*What the task asks*. Leave the pictures out. Return all other data exactly.

———

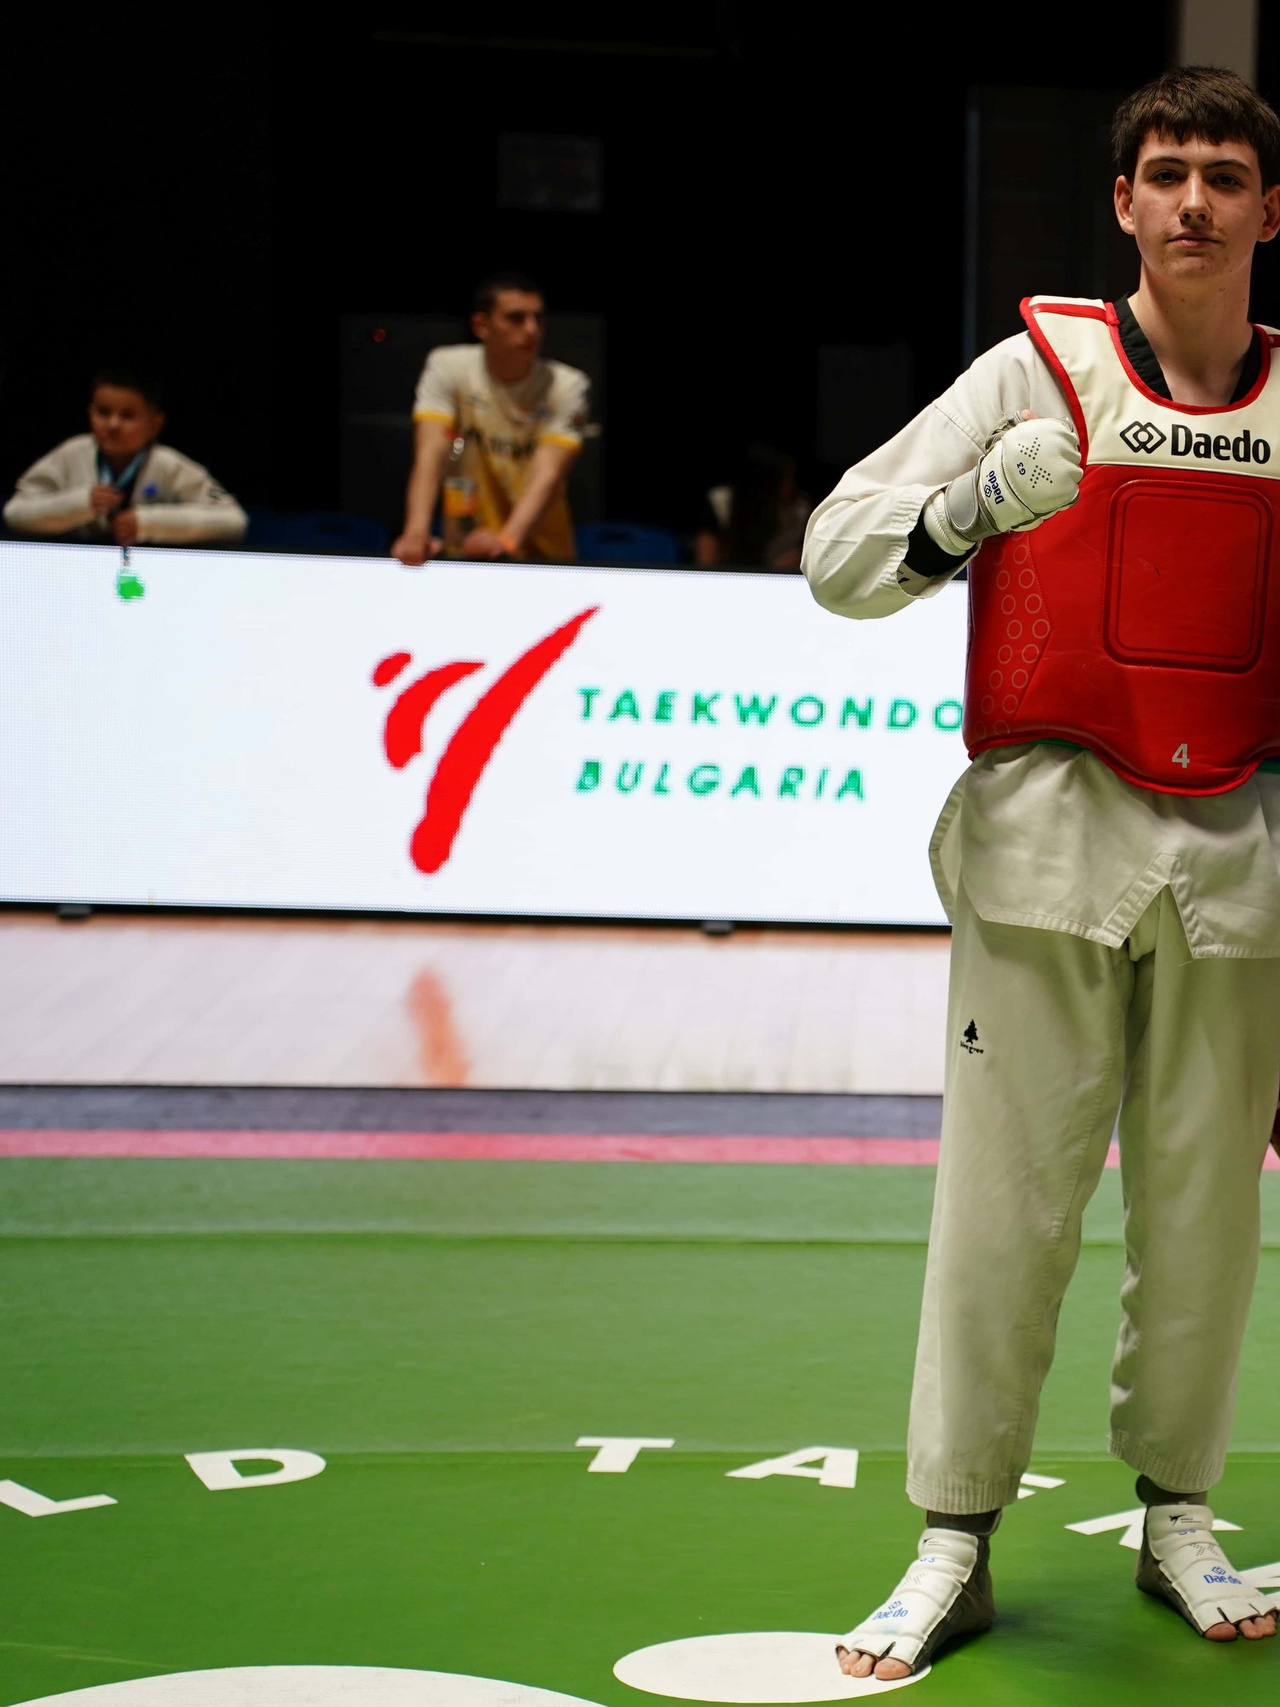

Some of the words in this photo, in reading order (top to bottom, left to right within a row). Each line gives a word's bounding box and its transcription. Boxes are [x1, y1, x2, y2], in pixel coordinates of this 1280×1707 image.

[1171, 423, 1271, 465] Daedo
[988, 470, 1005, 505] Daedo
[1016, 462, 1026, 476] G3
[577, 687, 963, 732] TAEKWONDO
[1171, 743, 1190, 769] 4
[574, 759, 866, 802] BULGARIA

———

*Result of the exercise*.
Some of the words in this photo, in reading order (top to bottom, left to right within a row). Each line gives a word's bounding box and its transcription. Boxes are [x1, y1, x2, y2], in pixel coordinates of this 1280×1707 image.

[1171, 423, 1271, 465] Daedo
[988, 470, 1005, 505] Daedo
[1016, 462, 1026, 476] G3
[577, 687, 963, 732] TAEKWONDO
[1171, 743, 1190, 769] 4
[574, 759, 866, 802] BULGARIA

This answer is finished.